🪞 Mirror: A Universal Framework for Various Information Extraction Tasks

Made by DALLE-3
📃 Our paper has been accepted to EMNLP23 main conference, check it out!
🔥 We have an online demo, check it out!

😎: This is the official implementation of 🪞Mirror which supports almost all the Information Extraction tasks.
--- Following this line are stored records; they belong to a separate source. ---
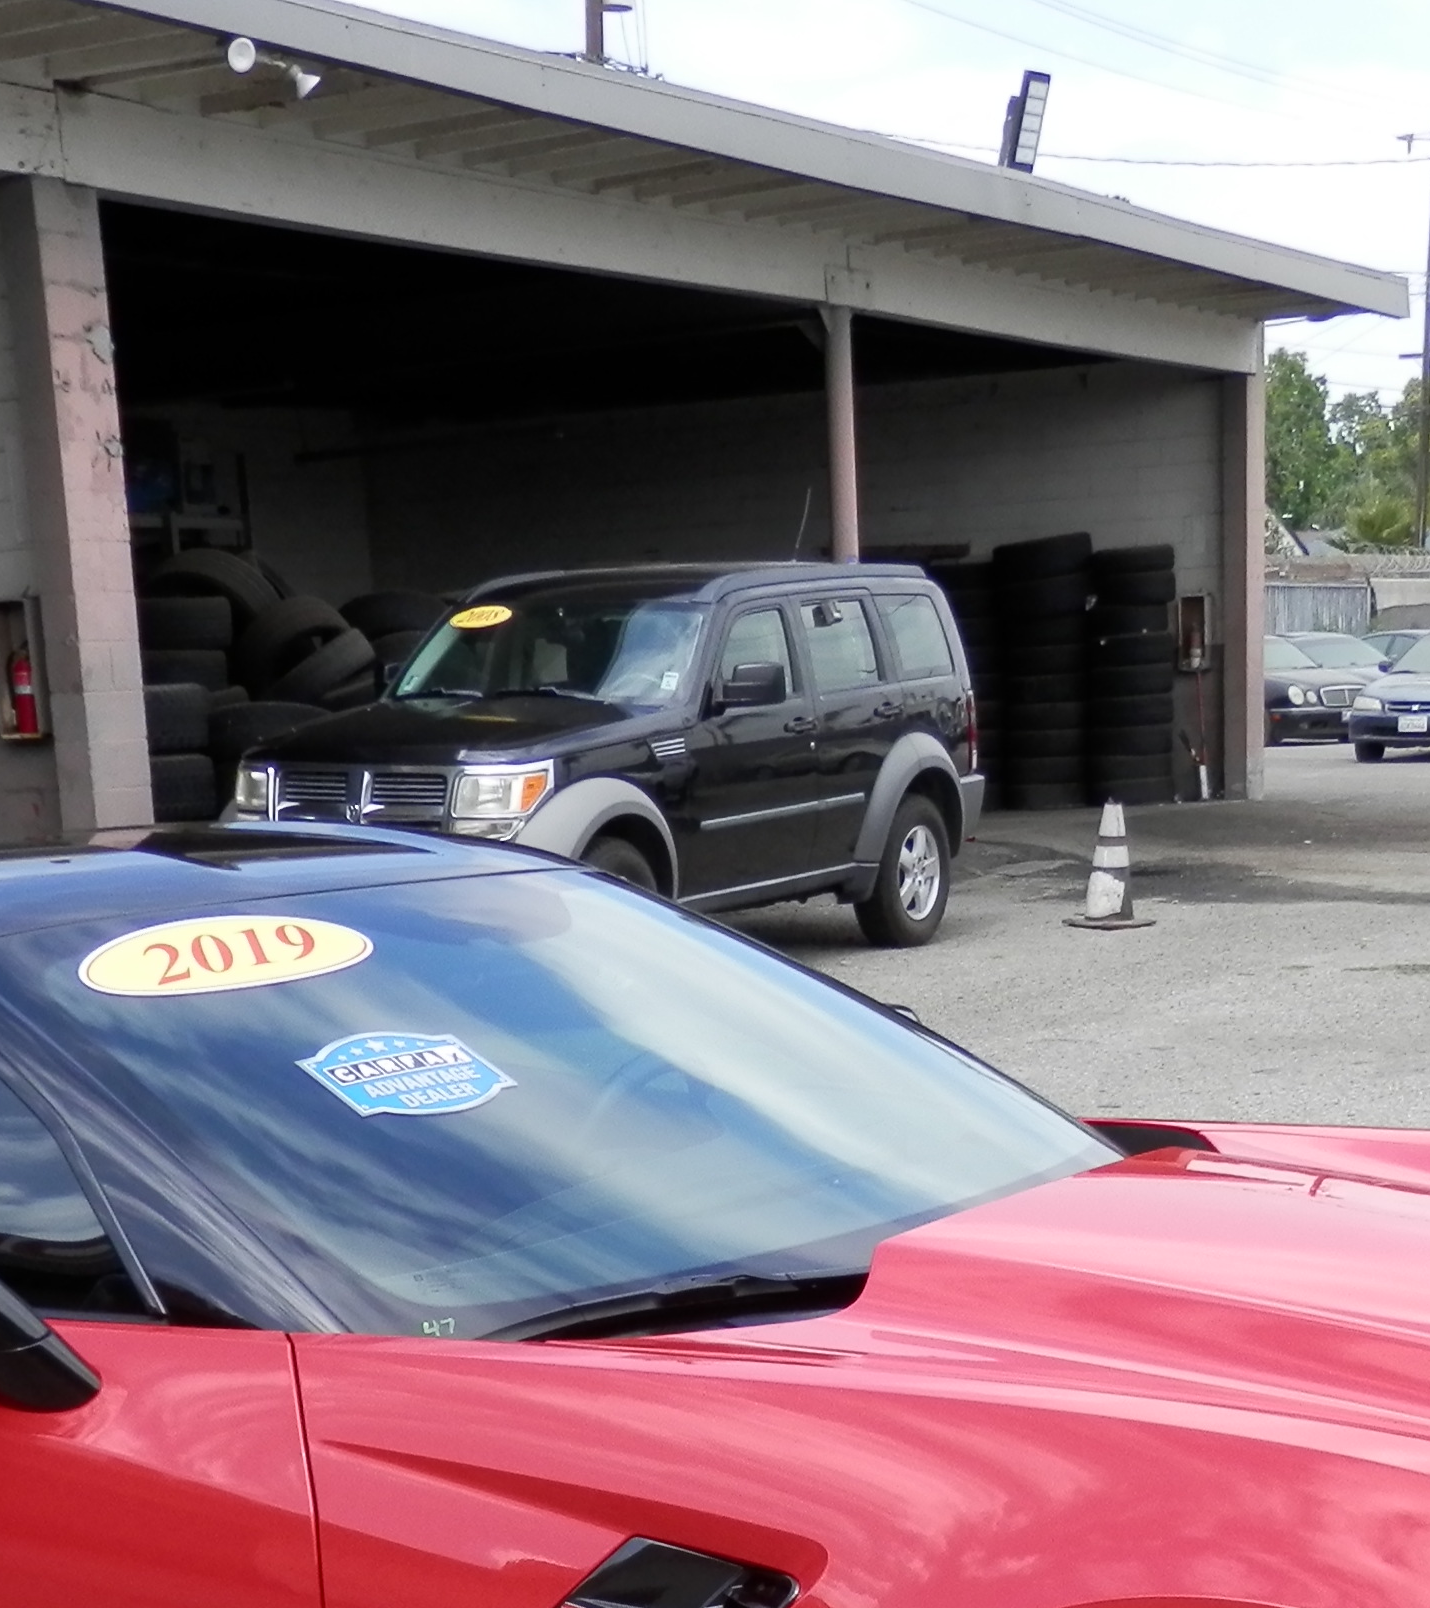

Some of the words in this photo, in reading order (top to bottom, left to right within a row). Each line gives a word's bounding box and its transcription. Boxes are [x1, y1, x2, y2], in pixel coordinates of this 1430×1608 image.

[143, 924, 315, 986] 2019
[331, 1049, 467, 1083] CARFAX
[363, 1065, 482, 1099] ADVANTAGE
[399, 1082, 481, 1108] DEALER
[422, 1317, 455, 1337] 47
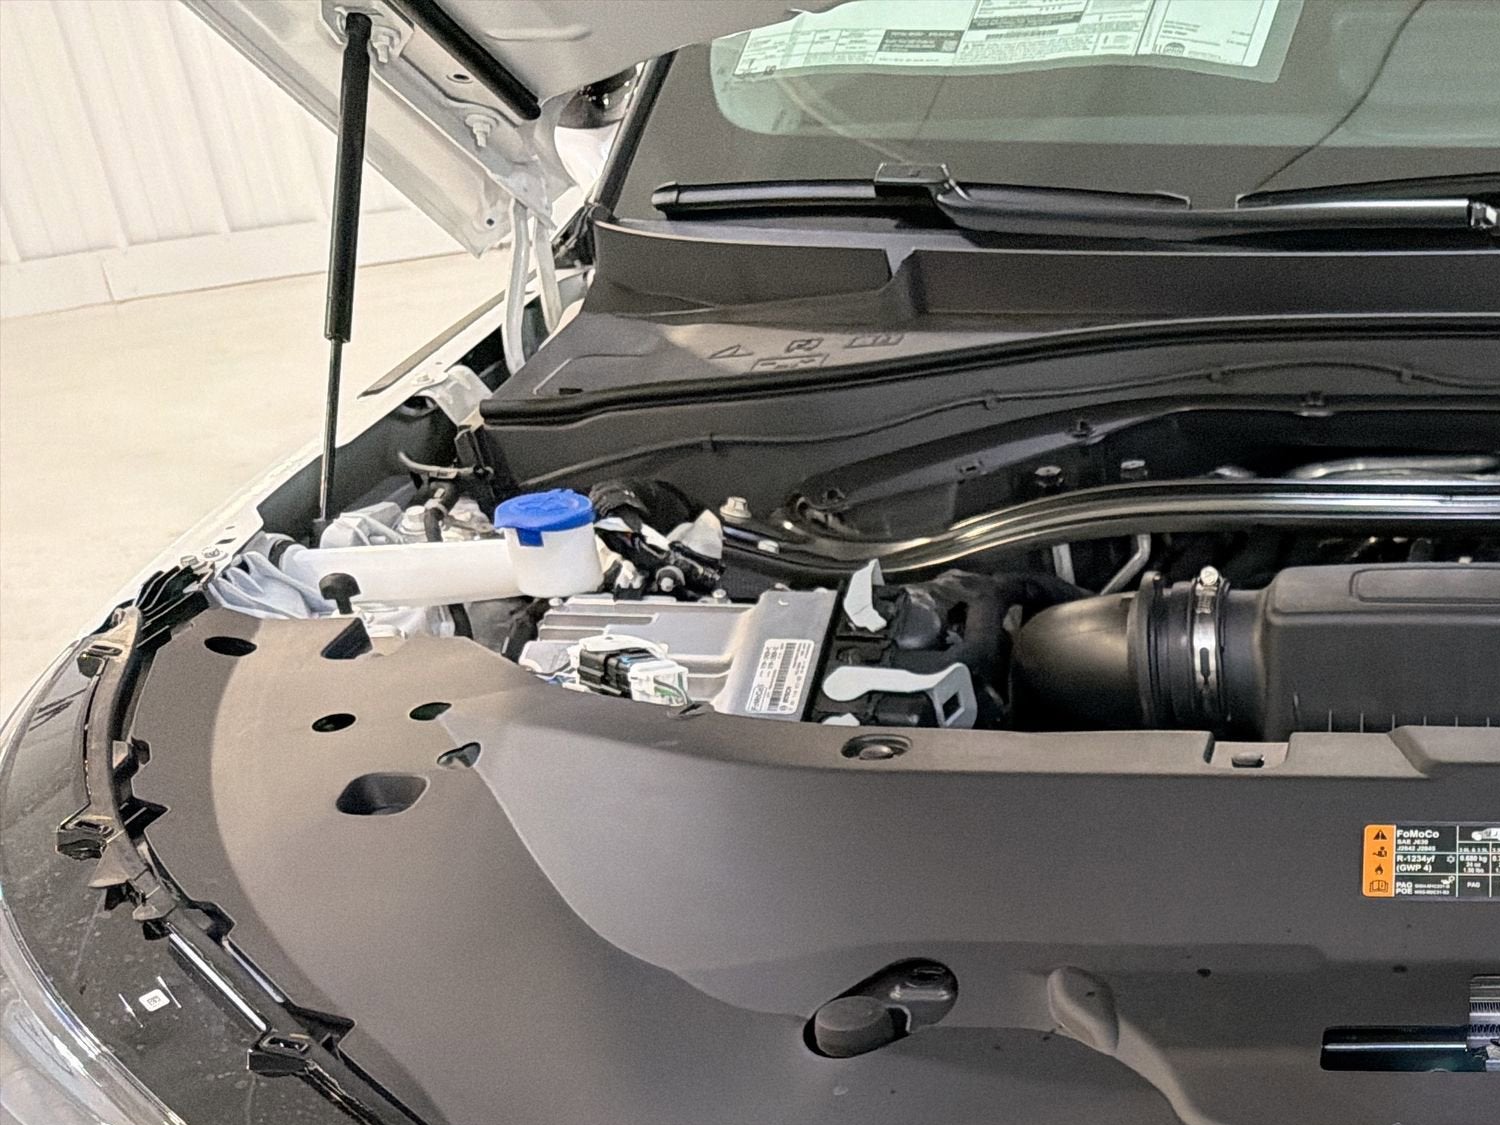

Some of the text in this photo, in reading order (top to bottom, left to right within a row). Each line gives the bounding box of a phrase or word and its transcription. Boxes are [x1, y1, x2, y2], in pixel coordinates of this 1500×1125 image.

[1396, 829, 1440, 839] FoMoCo
[1396, 855, 1436, 864] R-1234yf
[1396, 864, 1433, 873] (GWP 4)
The name, Mirror, comes from the classical story Snow White and the Seven Dwarfs, where a magic mirror knows everything in the world. We aim to build such a powerful tool for the IE community.

🔥 Supported Tasks

Named Entity Recognition
Entity Relationship Extraction (Triplet Extraction)
Event Extraction
Aspect-based Sentiment Analysis
Multi-span Extraction (e.g. Discontinuous NER)
N-ary Extraction (e.g. Hyper Relation Extraction)
Extractive Machine Reading Comprehension (MRC) and Question Answering
Classification & Multi-choice MRC

The pre-trained Mirror model currently supports English IE tasks. If you are looking for a model supporting Chinese IE tasks, please refer to Spico/mirror-chinese-mrcqa-alpha, which is a very early attempt before Mirror comes out.

🌴 Dependencies

Python>=3.10

pip install -r requirements.txt

🚀 QuickStart

Pretrained Model Weights & Datasets

Download the pretrained model weights & datasets from [OSF] .
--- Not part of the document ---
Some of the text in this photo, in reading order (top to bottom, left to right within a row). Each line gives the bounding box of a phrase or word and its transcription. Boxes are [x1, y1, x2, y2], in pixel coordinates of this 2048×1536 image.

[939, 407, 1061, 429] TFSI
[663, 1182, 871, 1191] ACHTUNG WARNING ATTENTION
No worries, it's an anonymous link just for double blind peer reviewing.

Pretraining

Download and unzip the pretraining corpus into resources/Mirror/v1.4_sampled_v3/merged/all_excluded
Start to run

CUDA_VISIBLE_DEVICES=0 rex train -m src.task -dc conf/Pretrain_excluded.yaml

Fine-tuning

⚠️ Due to data license constraints, some datasets are unavailable to provide directly (e.g. ACE04, ACE05).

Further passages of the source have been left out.